We have Team Ban against Team Quit.
On Team Ban, we have Pia Novelli and Sarah Barron.
And on Team Quit, we have Lucy Porter and Hugo Rifkin.
Lucy and Hugo, you can take our first question.
Which King's Castle was visited this week by which dirty rascal?
It's a technical American legal term for convicted felon.
Donald Trump came over to be buttered up by the royal family,
and they did butter him up.
They might have covered him in marmalade as well.
We simply don't know.
So two leaders who are quite unpopular in their own country,
stepped into a magical fairyland together.
No two men have needed each other more
since Anton Deck, really.
So Trump was entertained by the king and queen,
and it was the most...
I was proud and cringing at the same time.
The British way.
Yeah.
If Trump is as wealthy as he says he is,
why is he flying into Stansted?
Did you see that?
It said the king had said that Trump was kin,
which I think was a misprint.
I think what he meant to say was he was kin-awful.
But they were a Windsor.
Trump was very proud to be at Windsor.
He kept saying it's a greater honour to be at Windsor
than in Buckingham Palace,
which obviously means he probably believed that
and hadn't realised that they'd put him there
so no one could see him.
It's not as great an honour as being on this oil rig
or perhaps in this wine cellar.
They get going on about how delighted he looked.
And it was really funny because he was there the whole way through
looking absolutely pleased as punch.
And then Keir Starmer looking is always like he thinks he's left the gas on.
I mean, say what you like about Keir Starmer.
At least he does have the decency to always look sort of slightly
fearful, regretful and self-loathing.
Which is the British way, I think.
But they all look lovely.
There was much discussion of the outfits.
The Grenadier guards were there going,
I'll tell you what, that hat Malani's wearing is a bit big, isn't it?
And then they had a banquet, which I did wonder, right,
this doesn't leave this room,
but I wondered if it was a very sneaky slow-motion assassination attempt
because he's in his 70s
and they left him out in the rain for a long time.
At the dinner, right, the banquet,
they did not sit down to eat until 9.30, right?
These are men in their 70s, the king and drink.
Like, if you had said to my dad at that age,
we're eating at 9.30,
it'd have been like, what, are we Spanish?
Although, to be fair, Uber East did say it would arrive by 8.50.
There are two banquets.
There's the banquet you see,
and then there's a secret banquet
full of duplicates, other people,
in case someone doesn't turn up to the banquet
or is taken ill, so they can come and fill it.
like place fillers at the Oscars.
They have a secondary banquet.
And you sit there hoping someone falls over in the toilet
so you can get promoted to the main banquet.
How does one get a job as a banquet eating professional?
Banquet stand-in.
There was a third banquet, which was Prince Andrew on the stairs.
I always get interested in the food
because I think it either is very respectful, very disrespectful.
And the thing that I really glommed on to
was the watercress panacotta.
Yeah, someone goes panacotta, you go,
oh my God, someone goes made of watercress.
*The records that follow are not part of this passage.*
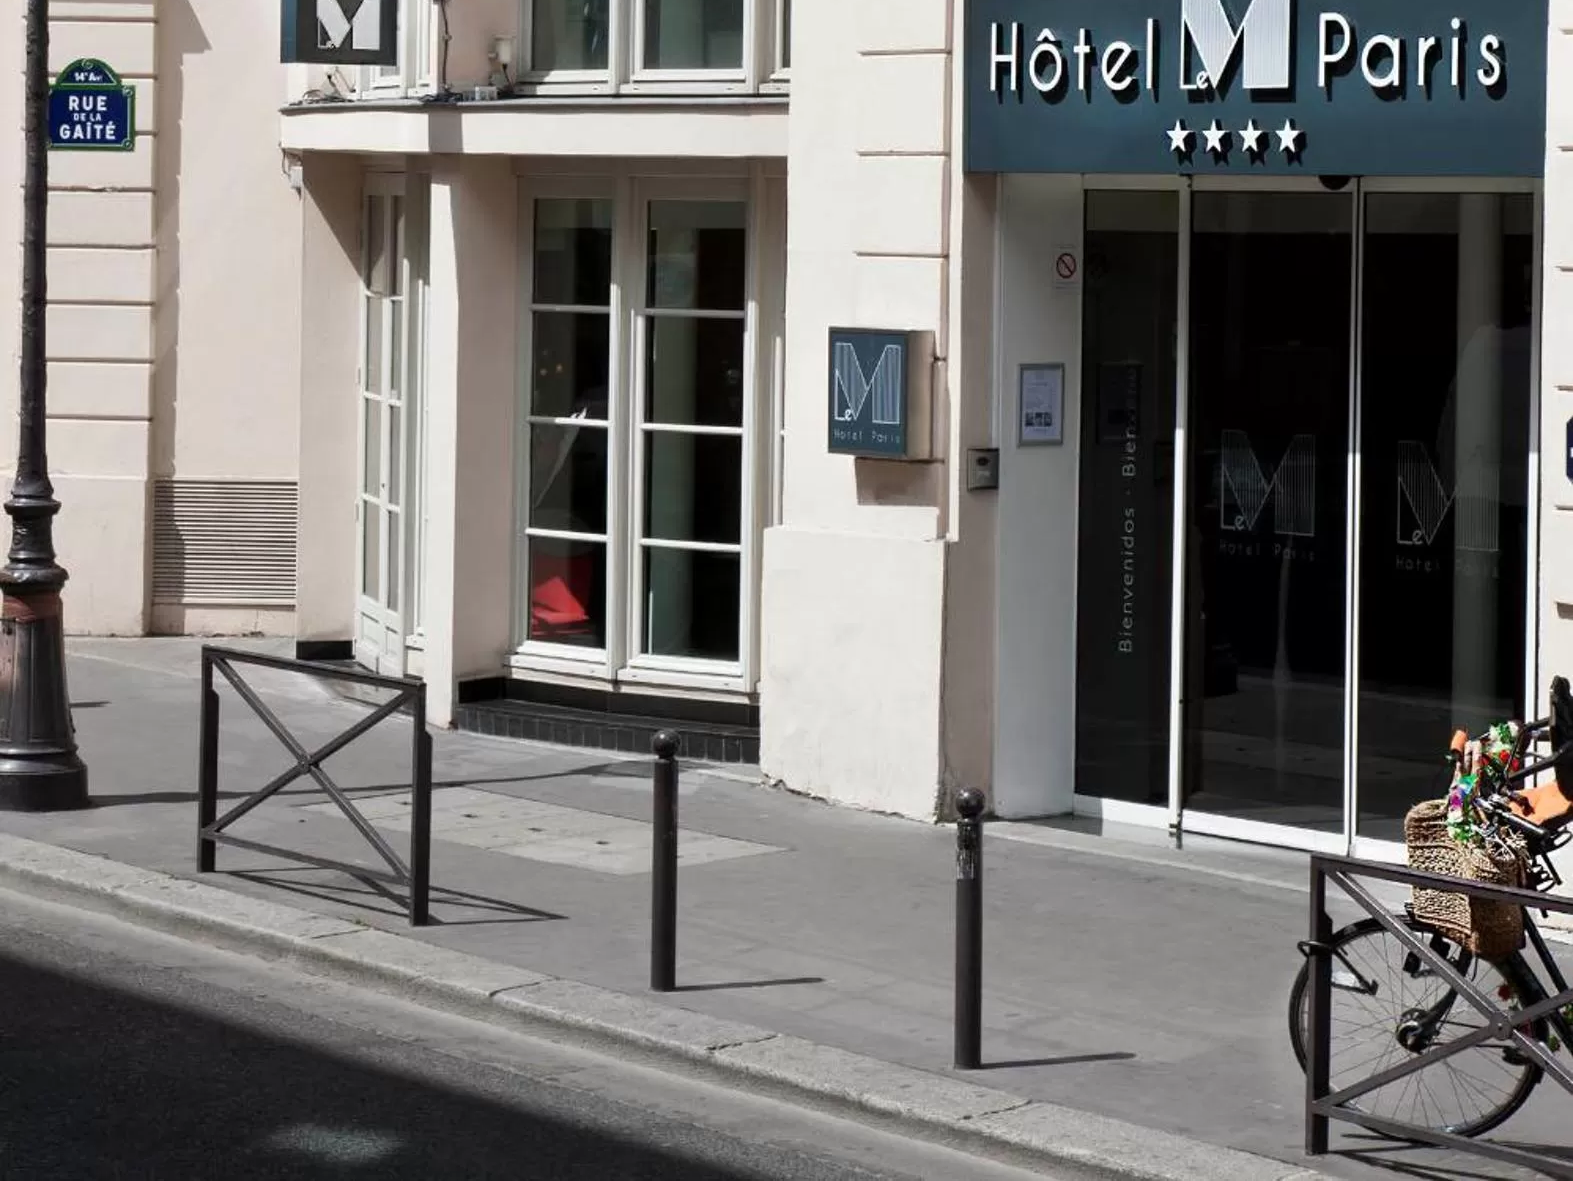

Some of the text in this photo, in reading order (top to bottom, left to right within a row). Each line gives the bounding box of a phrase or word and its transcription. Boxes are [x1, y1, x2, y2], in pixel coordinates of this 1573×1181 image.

[989, 17, 1155, 92] Hôtel
[1317, 11, 1503, 88] Paris
[69, 95, 107, 111] RUE
[73, 112, 102, 121] DE LA
[59, 120, 116, 139] GAÎTÉ
[1117, 506, 1136, 653] Bienvenidos
I think it's almost like a hostile act,
especially to a man who famously avoids anything green
other than like the one piece of iceberg lettuce
on his Big Mac or whatever it is.
They basically were doing that thing where
I think we just make up traditions
because we know that sort of visiting dictators like them.
I have no way of knowing.
know, if it had happened before or not.
They're just, ah, the traditional, the ancient plantagenet bikini contest.
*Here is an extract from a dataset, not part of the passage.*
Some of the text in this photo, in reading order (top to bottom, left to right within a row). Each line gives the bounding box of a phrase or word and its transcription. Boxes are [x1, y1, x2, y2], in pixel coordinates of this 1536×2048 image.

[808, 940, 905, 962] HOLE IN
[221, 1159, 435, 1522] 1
Richard the 3rd's putting green.
Speaking of bikini contests, I did enjoy the idea that the reason the king and queen wore the
sashes was so that Trump could feel more comfortable
because he'd think he was just in another Miss Universe competition.
Last time he was here, Queen Elizabeth the second wore a teardrop brooch,
which I think you're only allowed to wear as a monarch if you've killed another monarch.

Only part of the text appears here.